§ Task to complete: Repeat the data below exactly, dropping any pictures it holds.

══════════

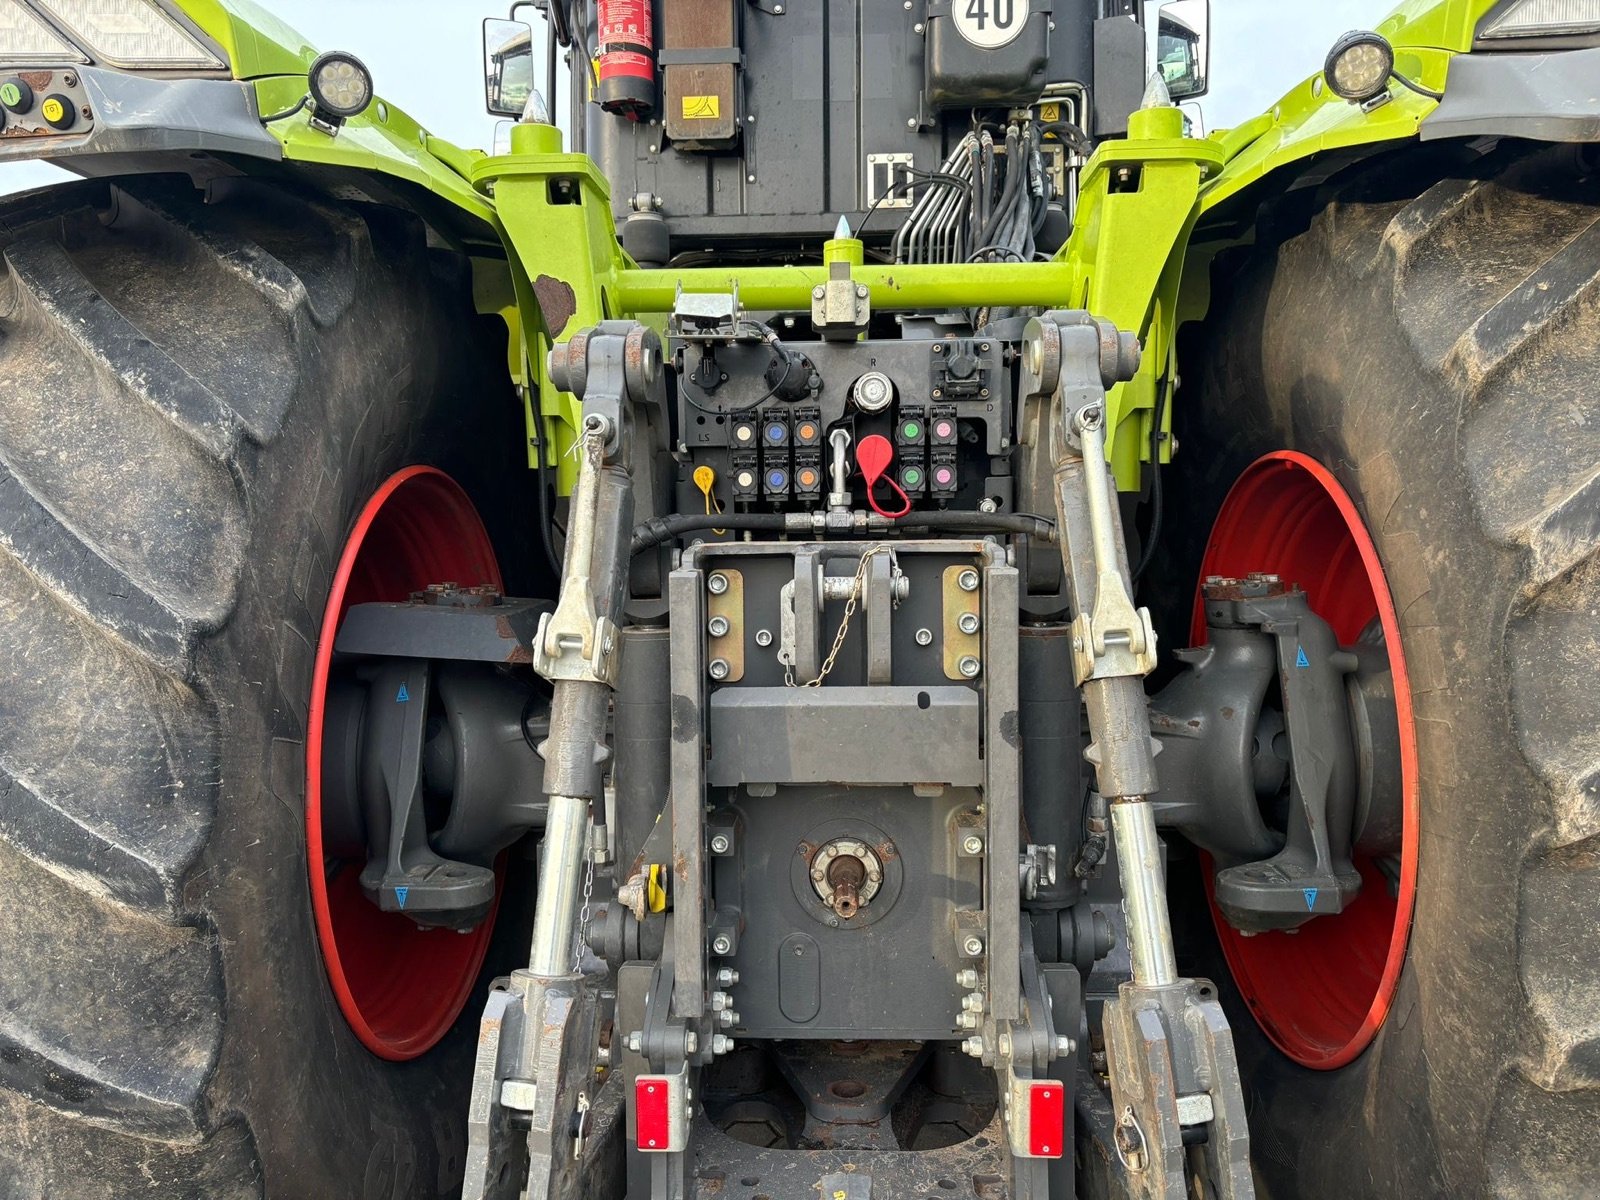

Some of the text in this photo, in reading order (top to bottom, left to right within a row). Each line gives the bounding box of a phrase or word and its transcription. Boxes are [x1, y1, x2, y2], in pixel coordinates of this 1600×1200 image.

[965, 0, 1014, 30] 40
[870, 357, 877, 367] R
[986, 403, 994, 412] D
[698, 433, 710, 442] LS
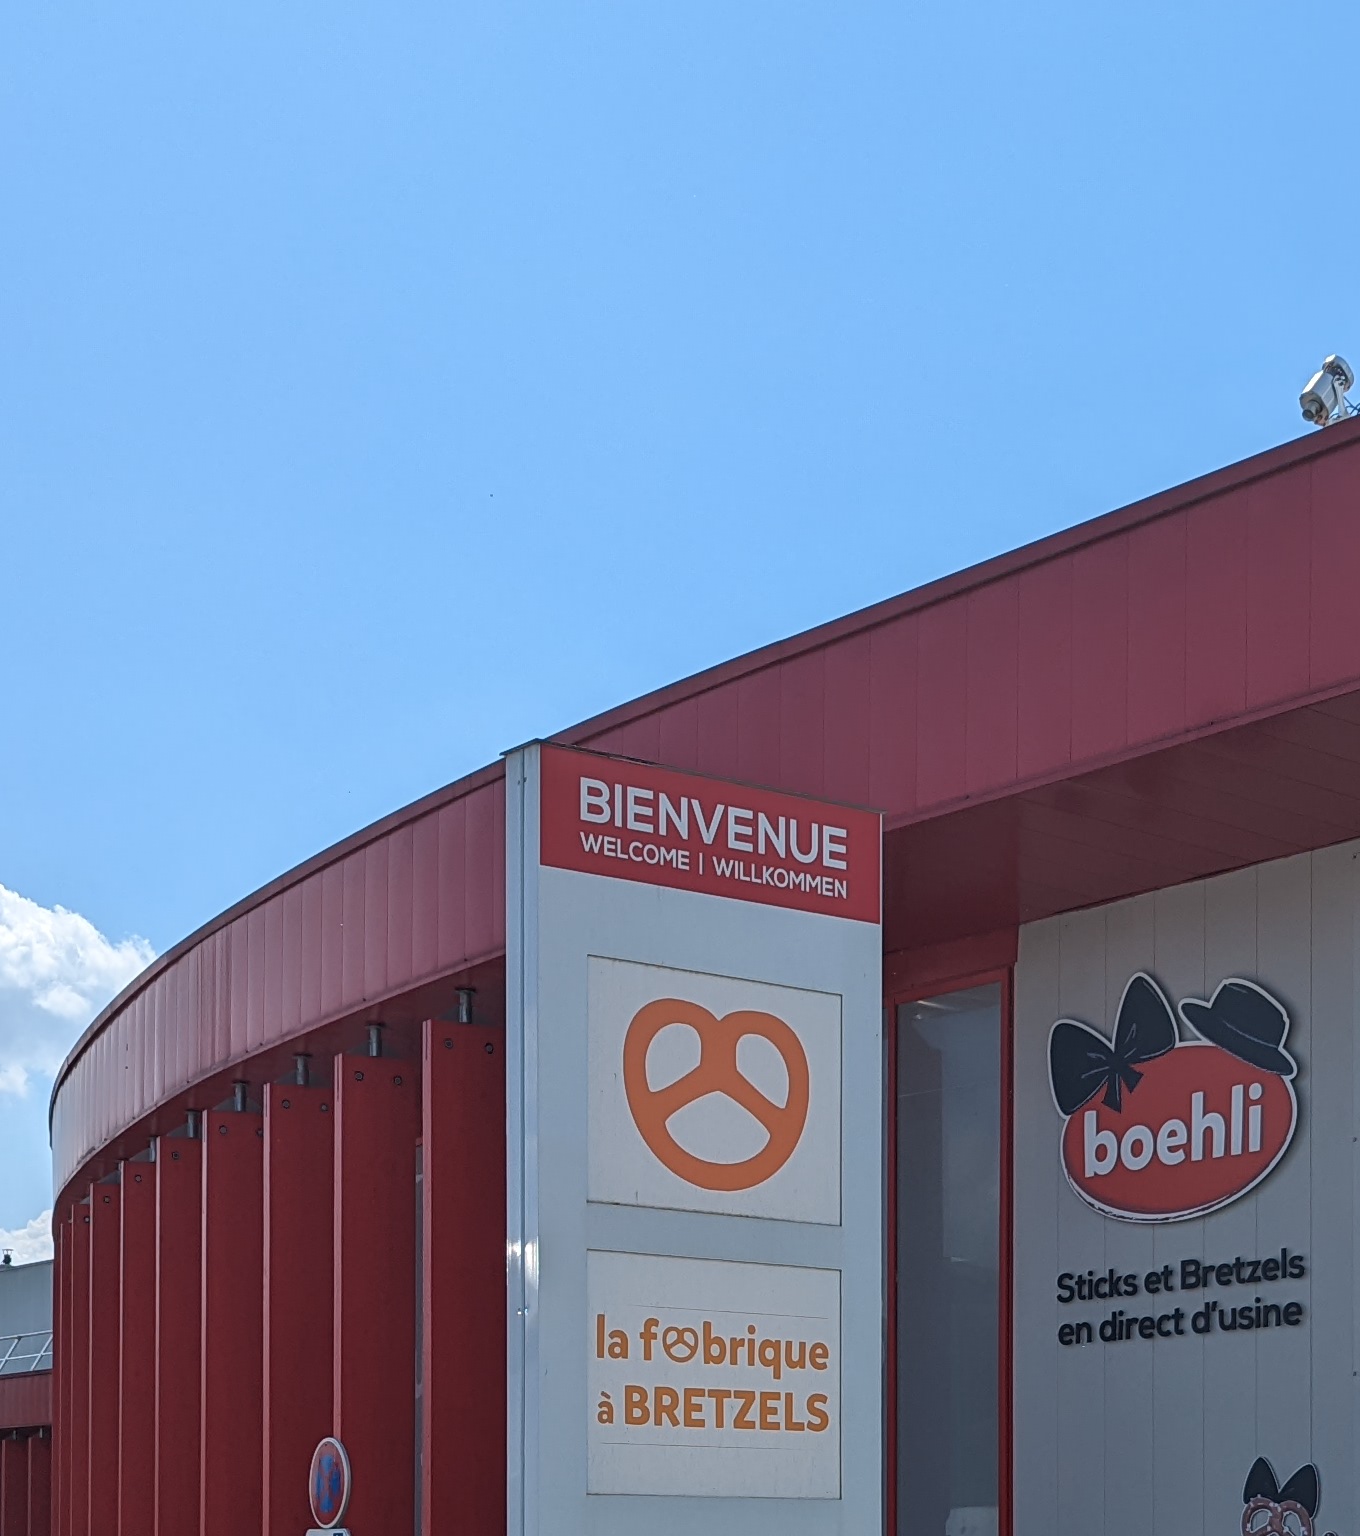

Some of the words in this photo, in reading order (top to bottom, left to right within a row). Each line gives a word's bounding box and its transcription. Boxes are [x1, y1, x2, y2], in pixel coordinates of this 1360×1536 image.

[579, 776, 848, 870] BIENVENUE
[580, 831, 690, 871] WELCOME
[712, 855, 848, 900] WILLKOMMEN
[1083, 1082, 1263, 1178] boehli
[1056, 1268, 1138, 1303] Sticks
[1144, 1264, 1174, 1294] et
[1180, 1247, 1306, 1291] Bretzels
[596, 1314, 629, 1360] la
[1057, 1321, 1093, 1346] en
[1098, 1305, 1185, 1343] direct
[1190, 1297, 1304, 1334] d'usine
[597, 1391, 615, 1425] à
[624, 1385, 830, 1432] BRETZELS

══════════

§ Task solution:
Some of the text in this photo, in reading order (top to bottom, left to right within a row). Each line gives the bounding box of a phrase or word and its transcription. Boxes are [x1, y1, x2, y2], in pixel coordinates of this 1600×1200 image.

[965, 0, 1014, 30] 40
[870, 357, 877, 367] R
[986, 403, 994, 412] D
[698, 433, 710, 442] LS

Some of the words in this photo, in reading order (top to bottom, left to right within a row). Each line gives a word's bounding box and its transcription. Boxes are [x1, y1, x2, y2], in pixel coordinates of this 1360×1536 image.

[579, 776, 848, 870] BIENVENUE
[580, 831, 690, 871] WELCOME
[712, 855, 848, 900] WILLKOMMEN
[1083, 1082, 1263, 1178] boehli
[1056, 1268, 1138, 1303] Sticks
[1144, 1264, 1174, 1294] et
[1180, 1247, 1306, 1291] Bretzels
[596, 1314, 629, 1360] la
[1057, 1321, 1093, 1346] en
[1098, 1305, 1185, 1343] direct
[1190, 1297, 1304, 1334] d'usine
[597, 1391, 615, 1425] à
[624, 1385, 830, 1432] BRETZELS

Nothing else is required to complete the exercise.